Collected data:
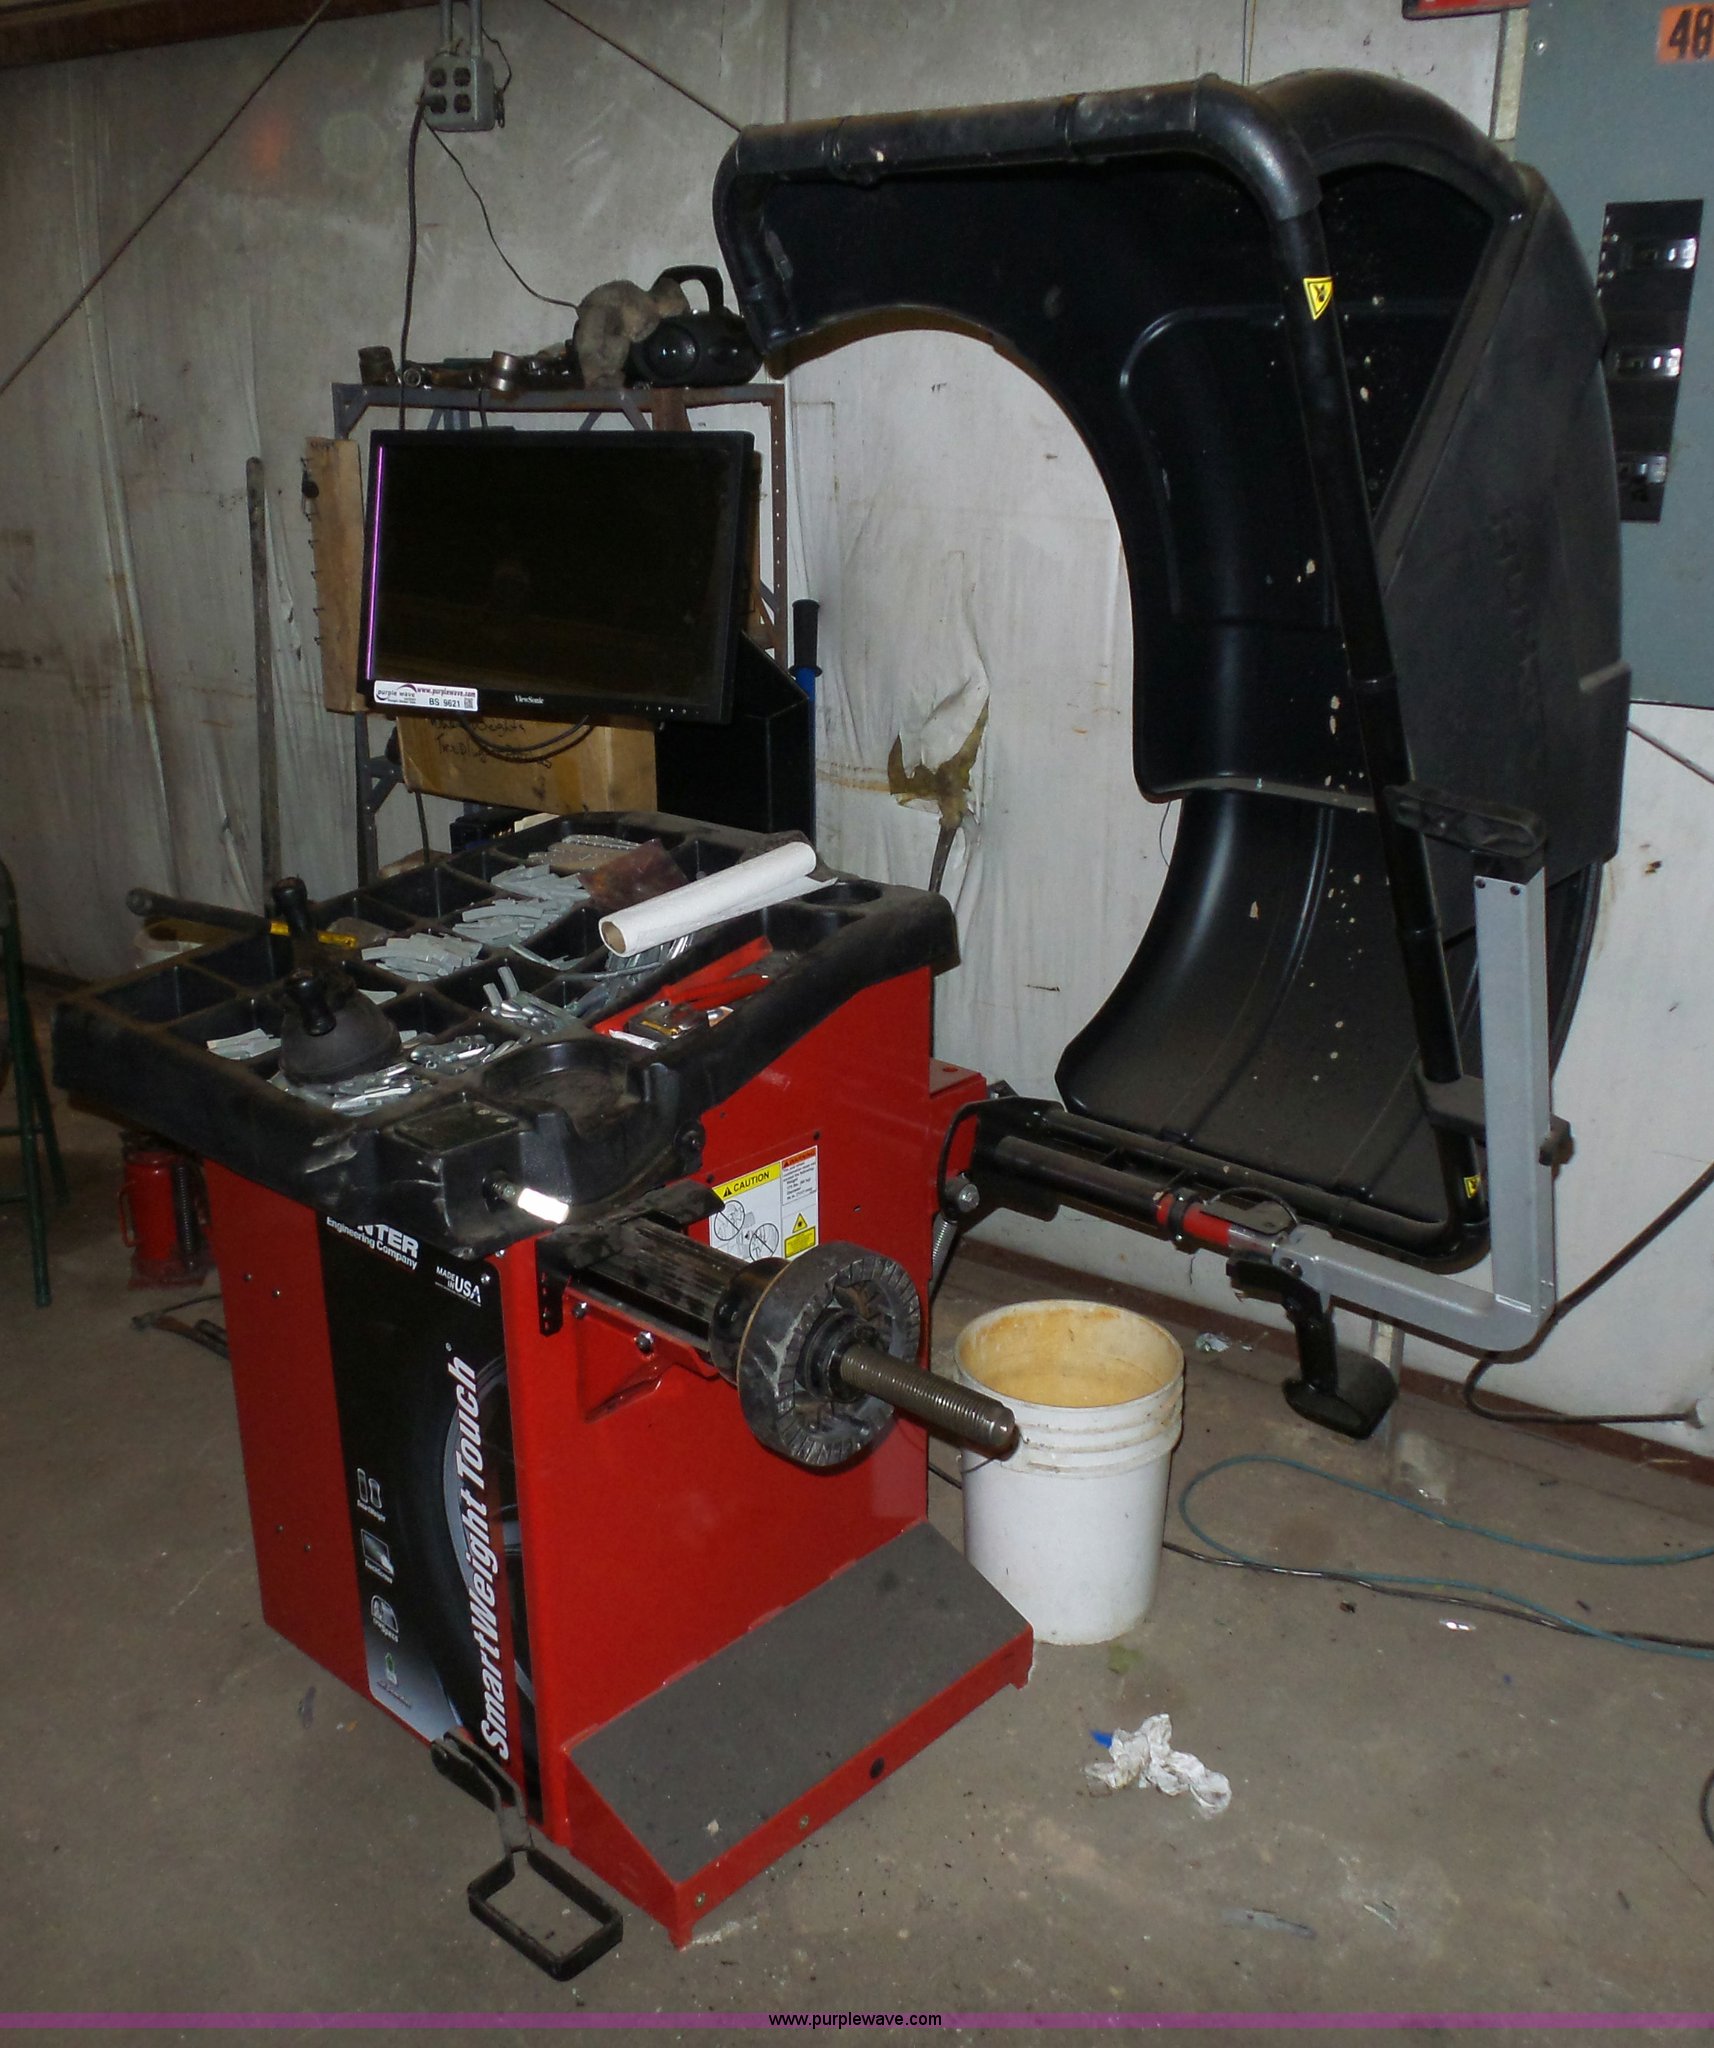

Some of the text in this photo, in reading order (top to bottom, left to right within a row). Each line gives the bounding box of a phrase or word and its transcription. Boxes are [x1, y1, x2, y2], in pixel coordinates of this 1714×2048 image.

[377, 689, 397, 697] purple
[417, 688, 476, 698] www.purplewave.com
[429, 698, 461, 708] BS 9621
[733, 1171, 770, 1192] CAUTION
[326, 1216, 418, 1270] Engineering Company
[436, 1265, 455, 1281] MADE
[447, 1280, 455, 1290] IN
[455, 1275, 481, 1304] USA
[448, 1356, 485, 1490] Touch
[460, 1488, 509, 1760] SmartWeight
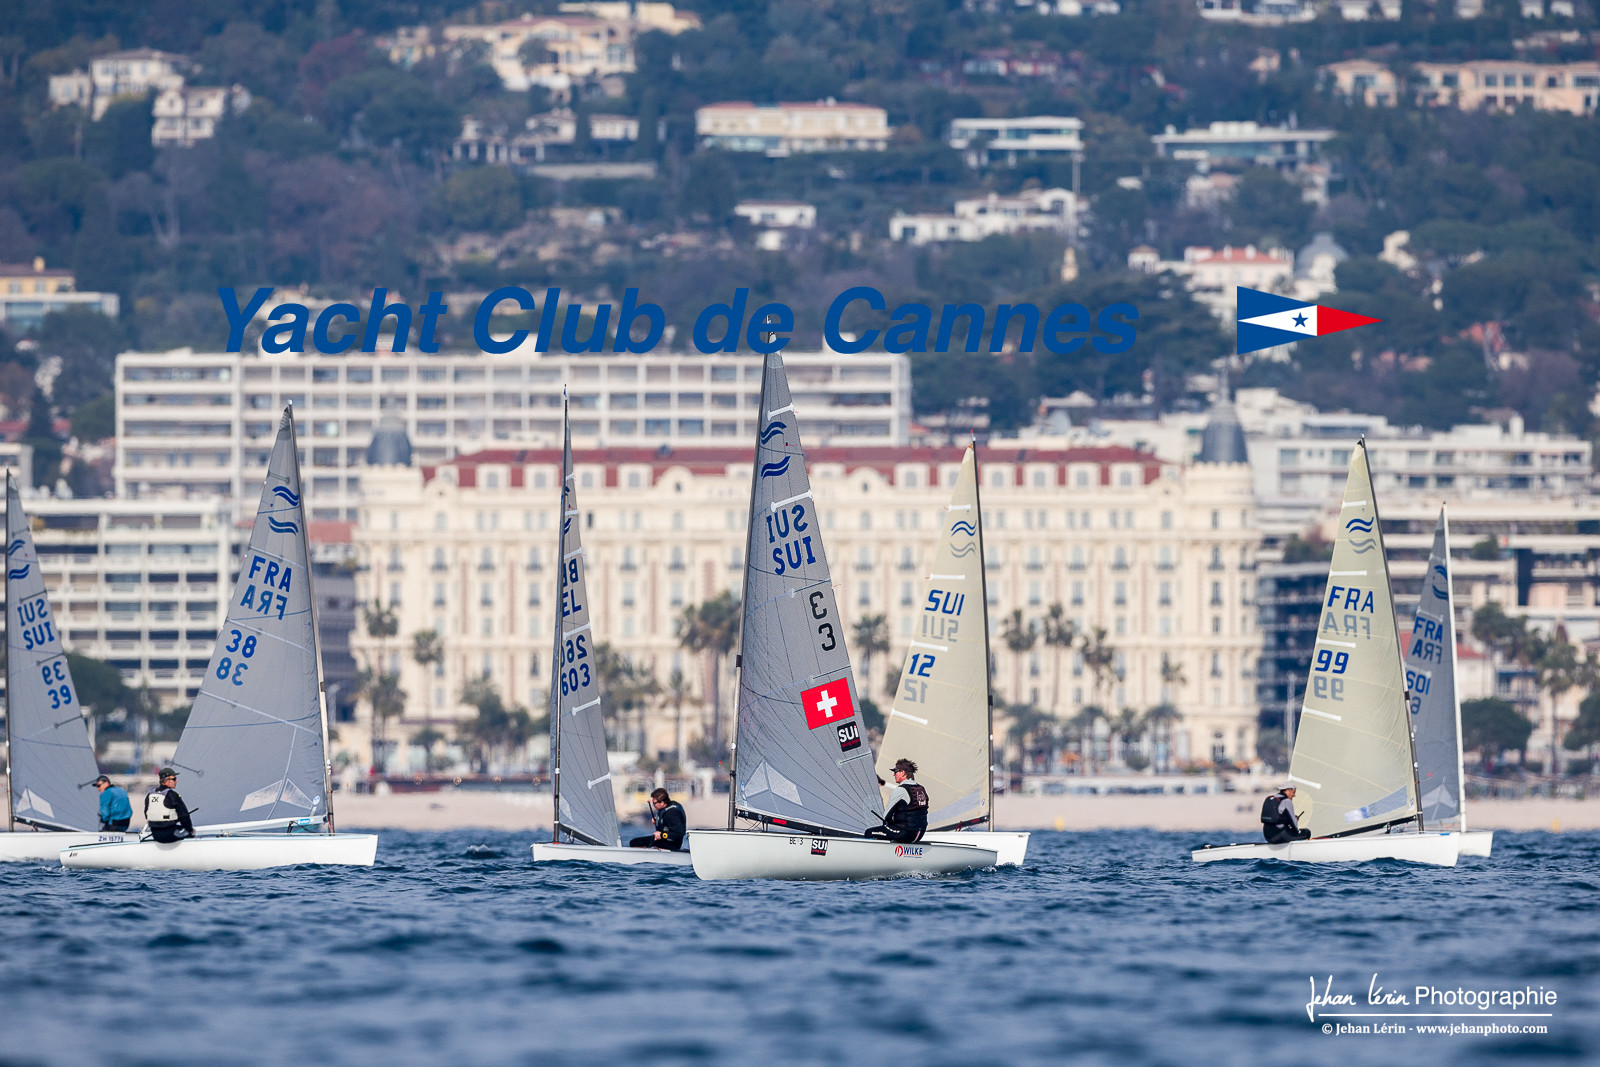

(TASK OBJECTIVE) Without the pictures, retype all of the data above exactly.

(YOUR SOLUTION)
Some of the text in this photo, in reading order (top to bottom, left to right within a row). Each line gives the bounding box of a phrase or word and its transcription. Boxes are [x1, y1, x2, y2], in pixel coordinates of this 1714×2048 image.

[377, 689, 397, 697] purple
[417, 688, 476, 698] www.purplewave.com
[429, 698, 461, 708] BS 9621
[733, 1171, 770, 1192] CAUTION
[326, 1216, 418, 1270] Engineering Company
[436, 1265, 455, 1281] MADE
[447, 1280, 455, 1290] IN
[455, 1275, 481, 1304] USA
[448, 1356, 485, 1490] Touch
[460, 1488, 509, 1760] SmartWeight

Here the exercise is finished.